Are we already seeing the death of the viral video? I think we can all agree that the viral nature of viral comes from the fact that its spreads by word-of-mouth (mouth = email or cell phone). That major media companies are now packaging online clips as “viral” suggests that they don’t really get it.
VH1 has Web Junk 20 with the companion site VSPOT (and, yes, I’m amused to see that the New York Times article specifically notes that these so-called “viral” web moments are released to the VH1 website after they’re aired on the show). Bravo has its series Outrageous and Contagious: Viral Videos. USA Networks is reportedly working on a project as well. Already it’s enough, right?
Can you say Carson Daly? I thought you could. And despite the fact that jumping the shark has jumped the shark, the major media viral video craze has jumped the shark when a show called (wait for it) The Net with Carson Daly is poised for debut. What, blogging wasn’t good enough for him?
Now a cynic would suggest that this is just another way for the networks to draw eyeballs away from the Internet. Of course, a cynic would be required to acknowledge that the plan is likely to lead to increased web surfing because it is human nature to try to find the next cool thing before the majors do.

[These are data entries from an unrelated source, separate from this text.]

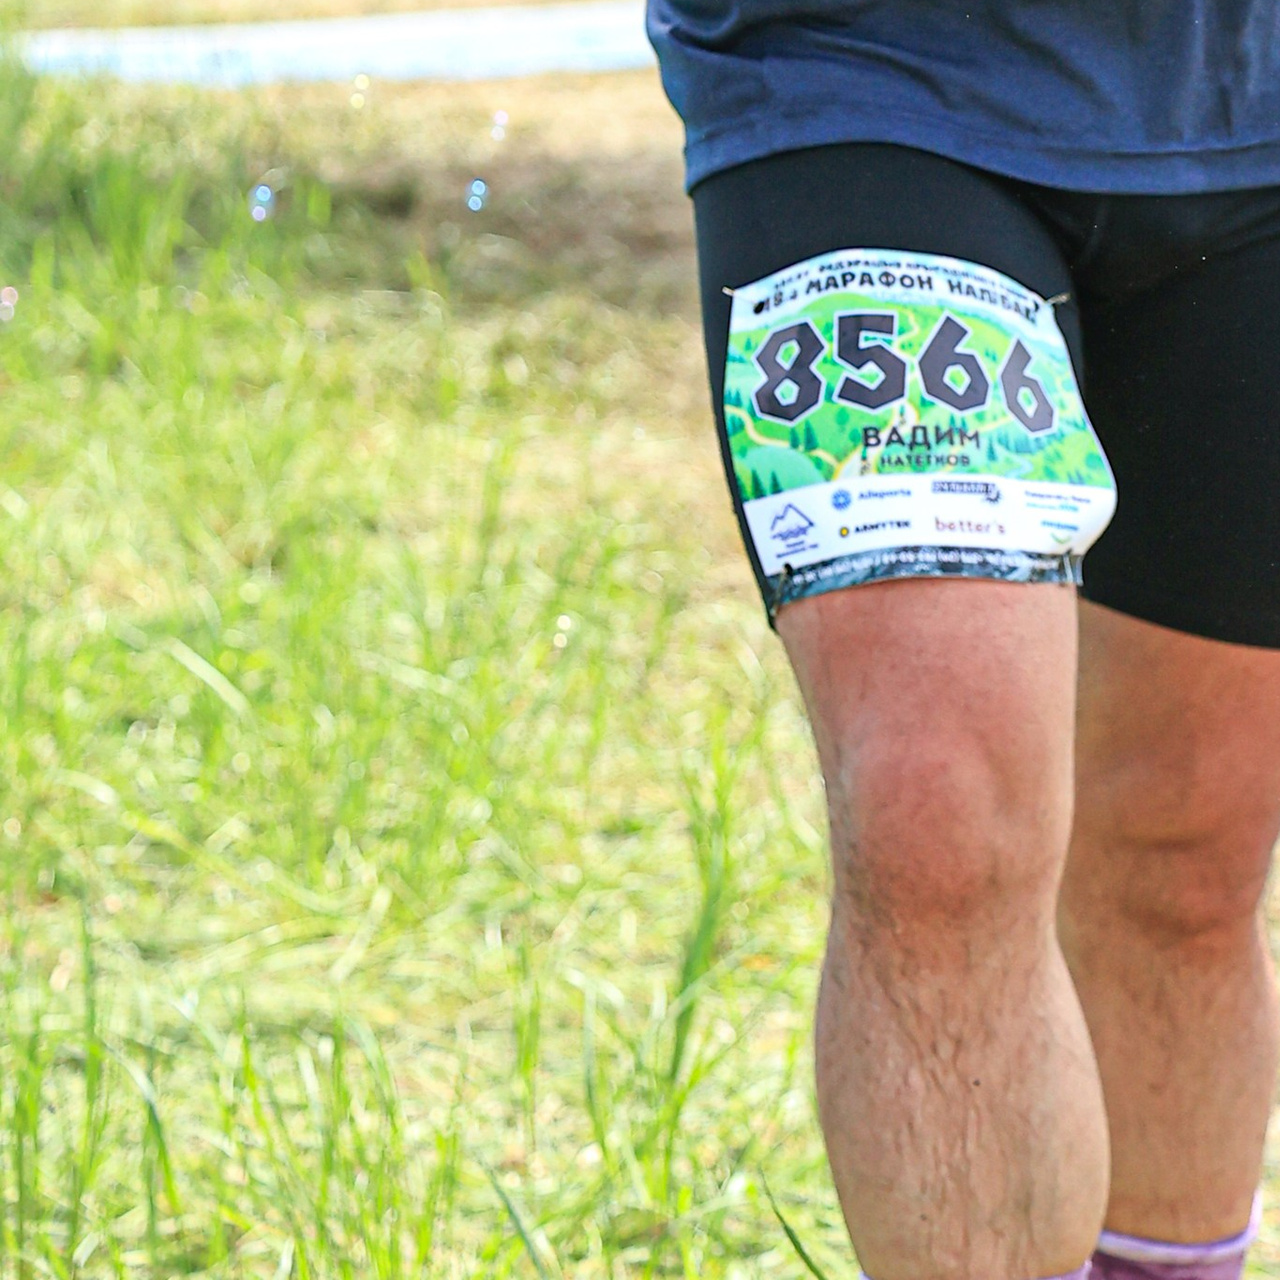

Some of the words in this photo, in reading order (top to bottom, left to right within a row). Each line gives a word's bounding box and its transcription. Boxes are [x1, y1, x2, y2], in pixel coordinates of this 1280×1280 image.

[806, 271, 933, 295] МАРАФОН
[754, 312, 1057, 435] 8566
[862, 425, 980, 451] ВАДИМ
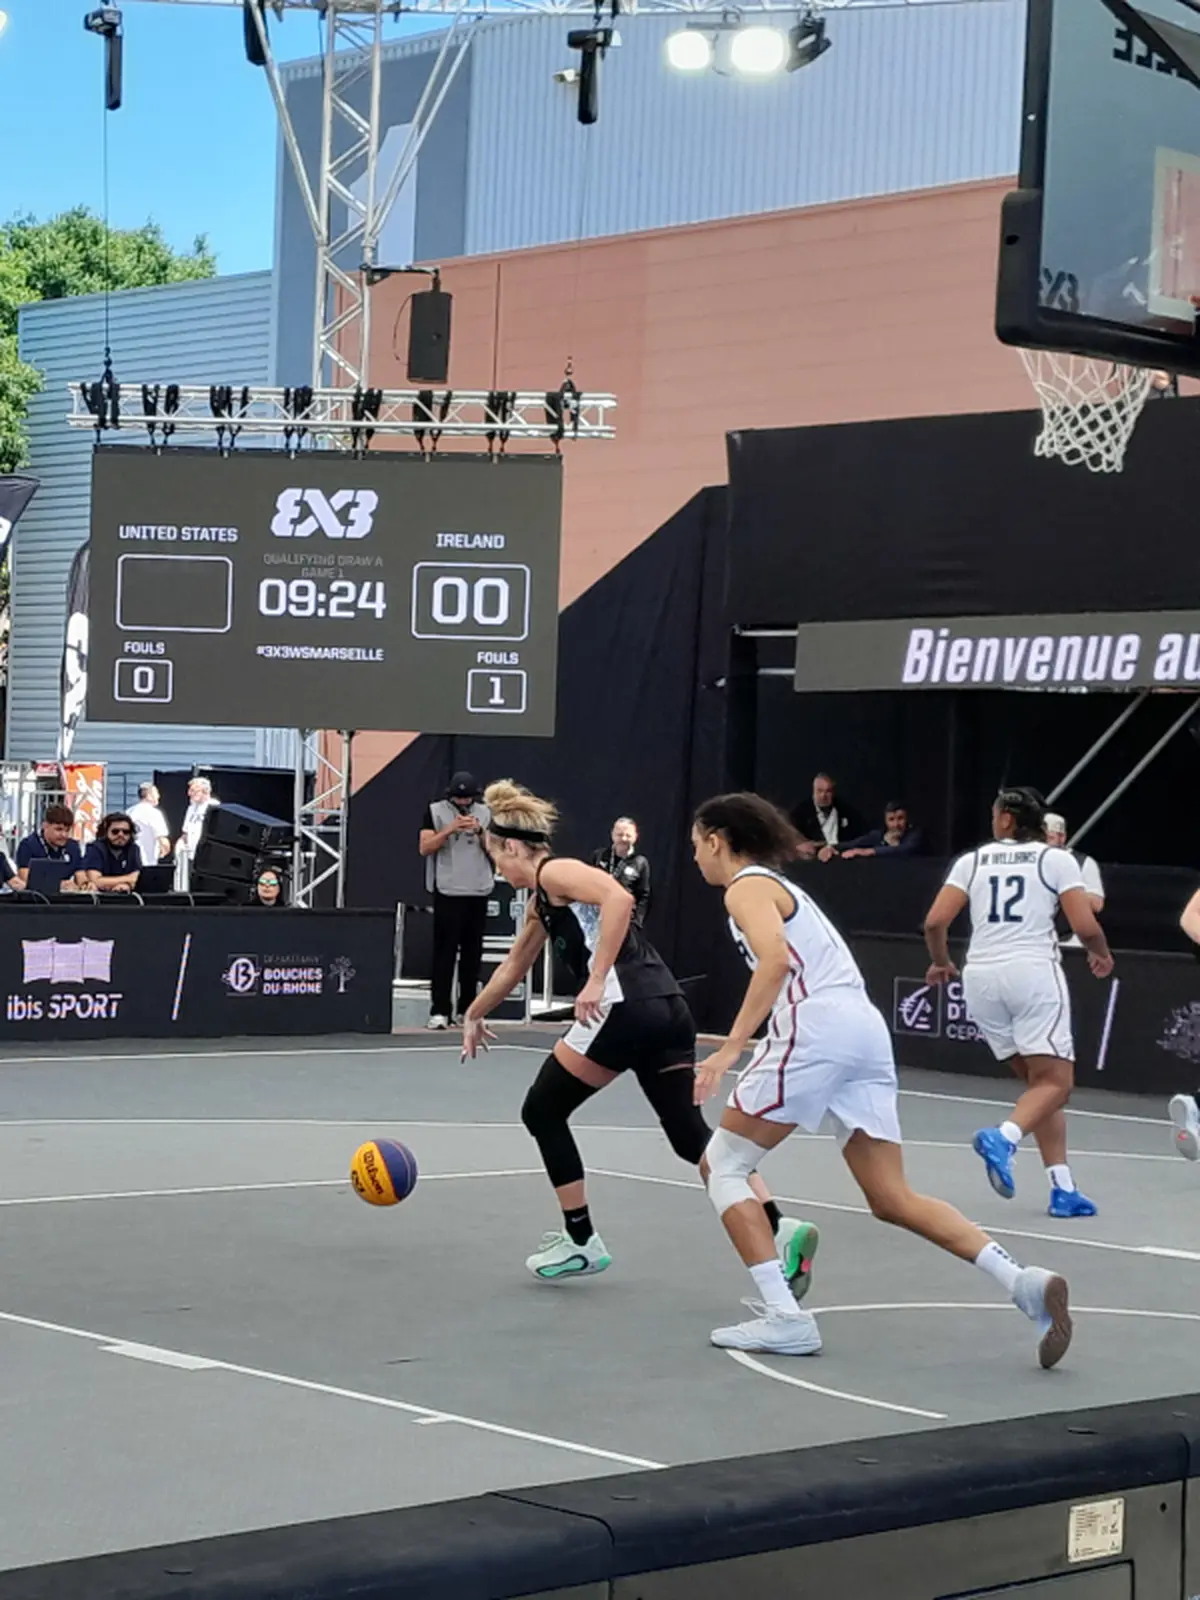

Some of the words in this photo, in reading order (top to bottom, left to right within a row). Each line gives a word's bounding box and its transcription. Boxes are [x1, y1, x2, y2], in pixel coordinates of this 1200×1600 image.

[119, 525, 178, 540] UNITED
[181, 527, 238, 542] STATES
[436, 533, 505, 549] IRELAND
[263, 553, 335, 567] QUALIFYING
[338, 555, 372, 567] DRAW
[301, 567, 336, 579] GAME
[259, 578, 387, 619] 09:24
[431, 576, 510, 625] 00
[124, 641, 165, 655] FOULS
[902, 627, 1141, 684] Bienvenue
[1153, 633, 1200, 682] au
[477, 651, 519, 665] FOULS
[133, 666, 155, 694] 0
[488, 676, 505, 705] 1
[988, 875, 1025, 924] 12
[263, 968, 323, 981] BOUCHES
[263, 982, 280, 995] DU
[7, 995, 43, 1020] ibis
[47, 993, 123, 1019] SPORT
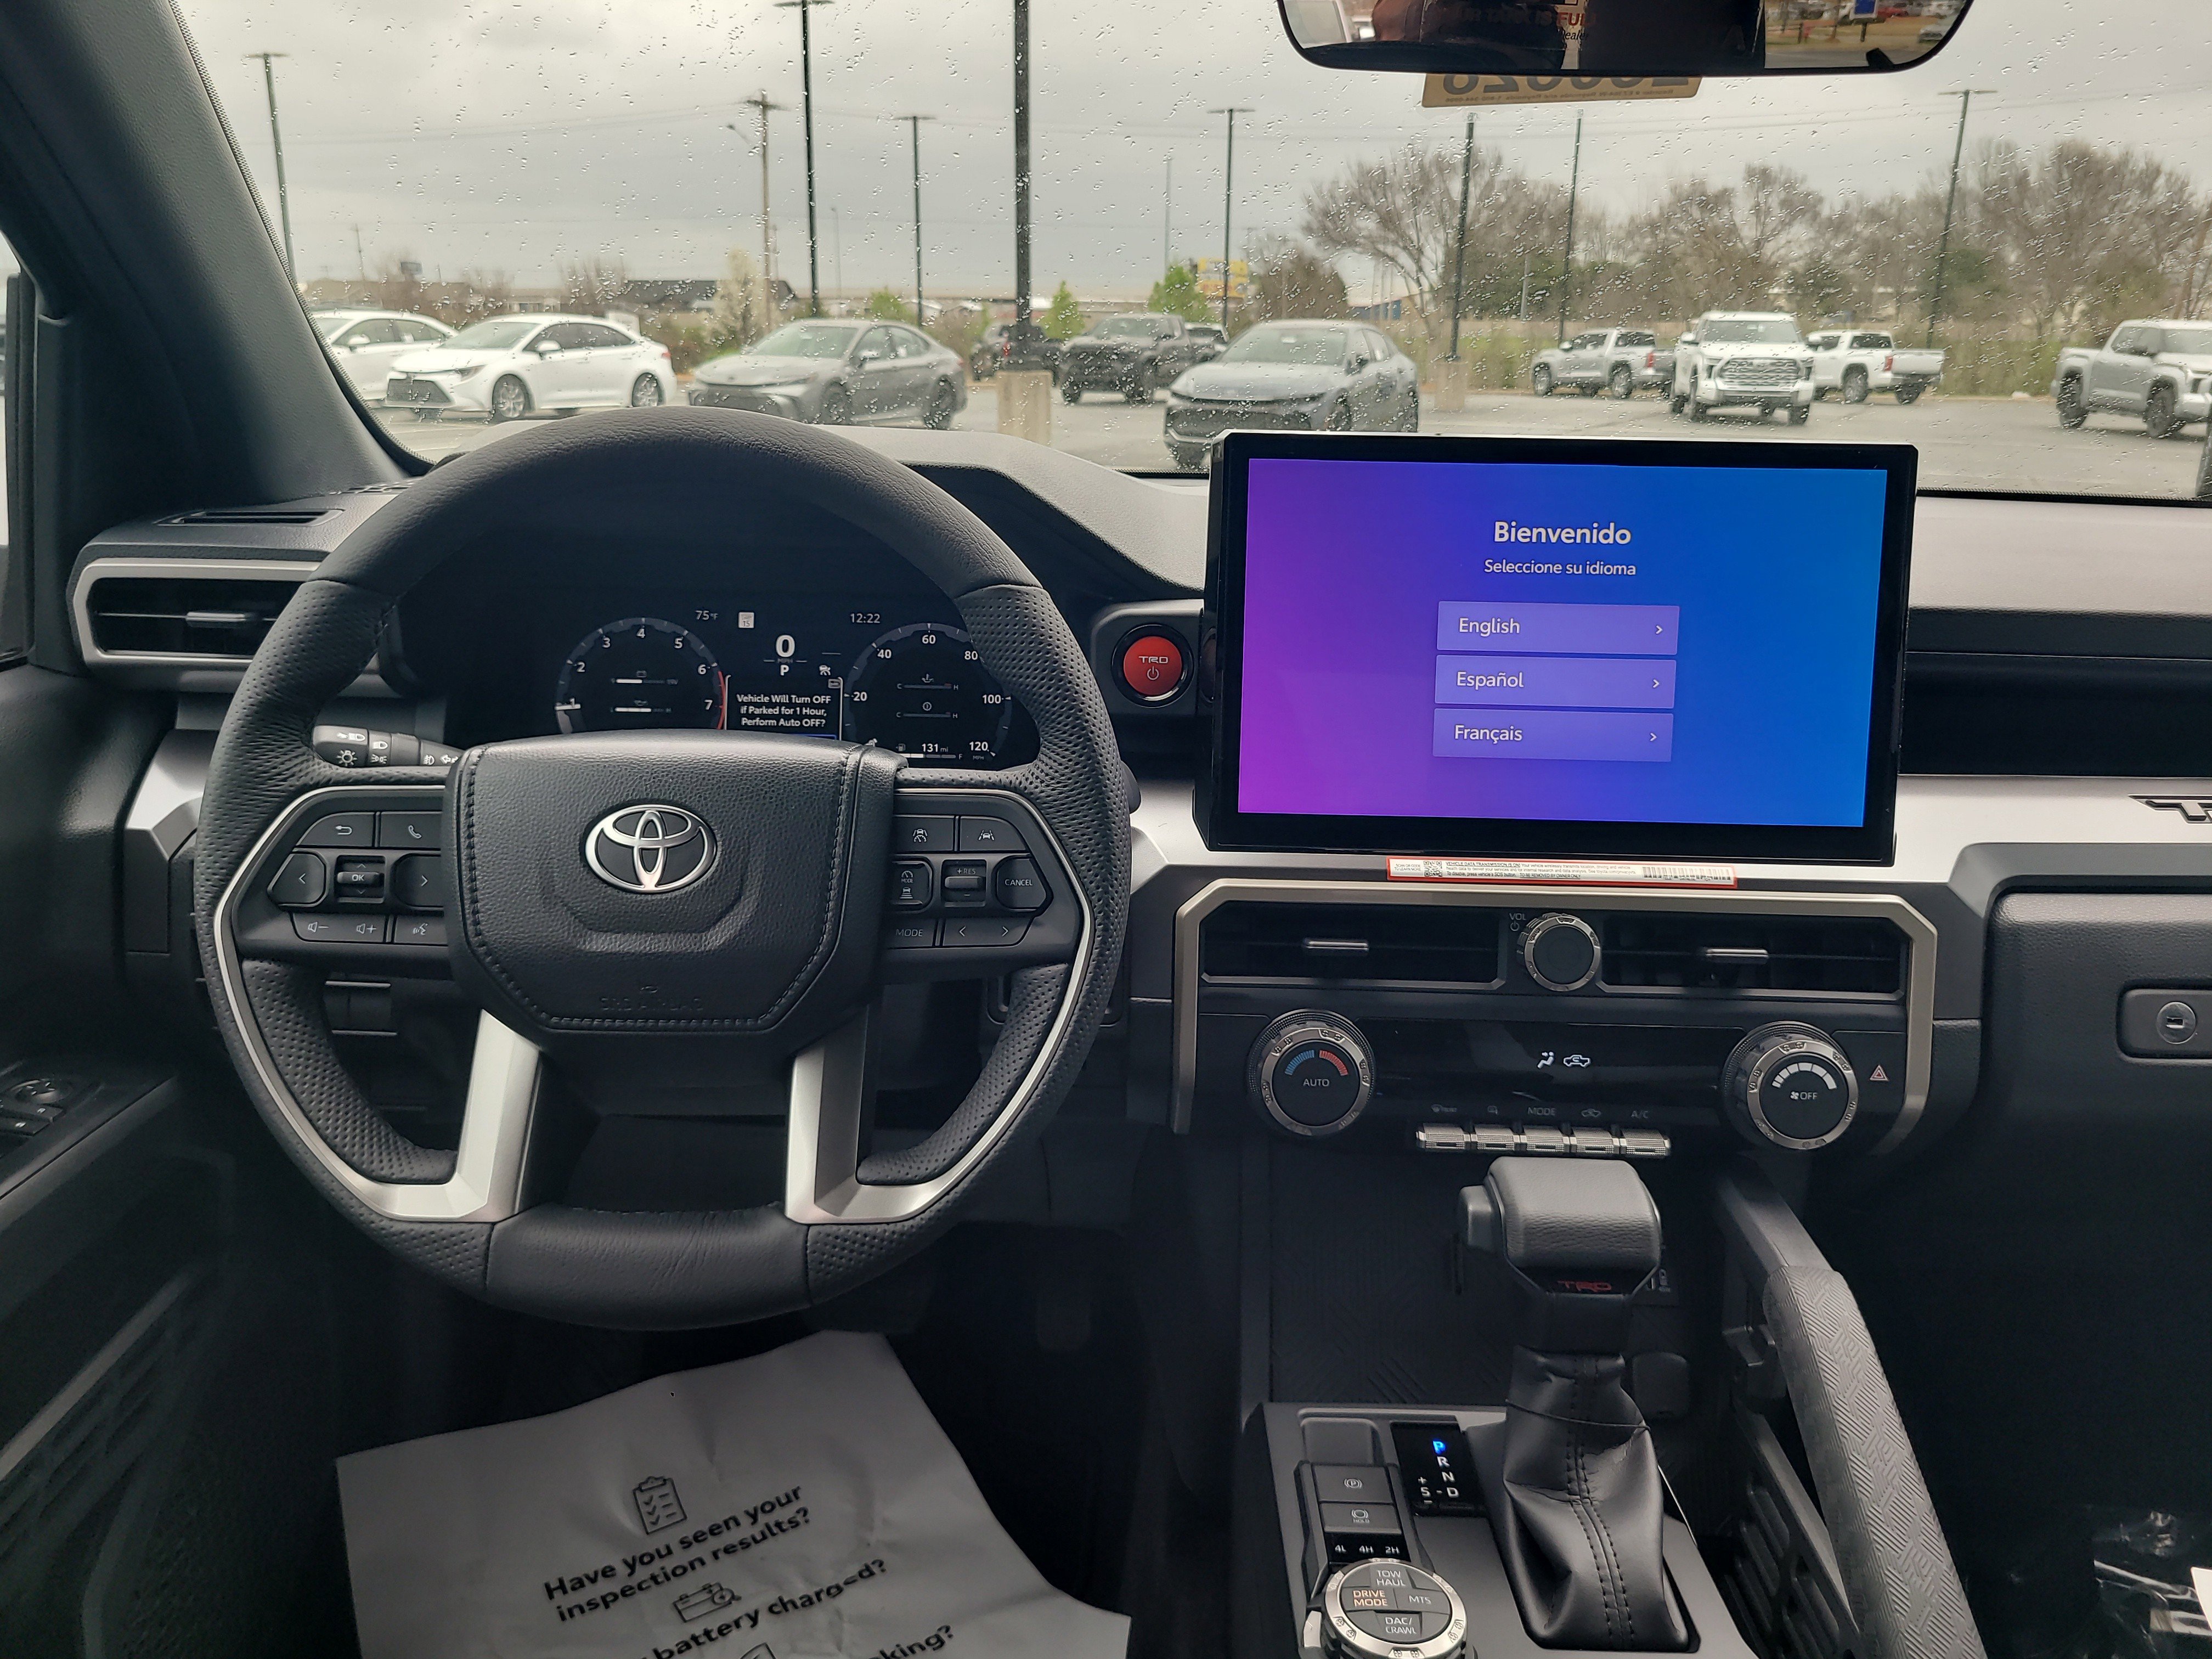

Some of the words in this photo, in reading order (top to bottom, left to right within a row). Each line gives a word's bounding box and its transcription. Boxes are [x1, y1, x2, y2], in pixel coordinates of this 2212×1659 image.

A cynic would also suggest that this viral thing is part of a diabolical plan to cut costs via cheap labor — most of these productions are done at home, using whatever equipment is on hand. Sure, iFilm is part of the MTV family, that’s really beside the point because it’s all about being real:
“People want to believe these were completely homemade expressions,” he [Brian Graden, president of entertainment for MTV Networks Group] said, “that they were discovered out in the universe and were brought to air. If they look like slickly produced television I don’t think people would buy into the utter randomness that is that show.”
Mmm hmm. This is Hollywood, baby, and there’s no way your big studios aren’t trying to get them some of that viral action.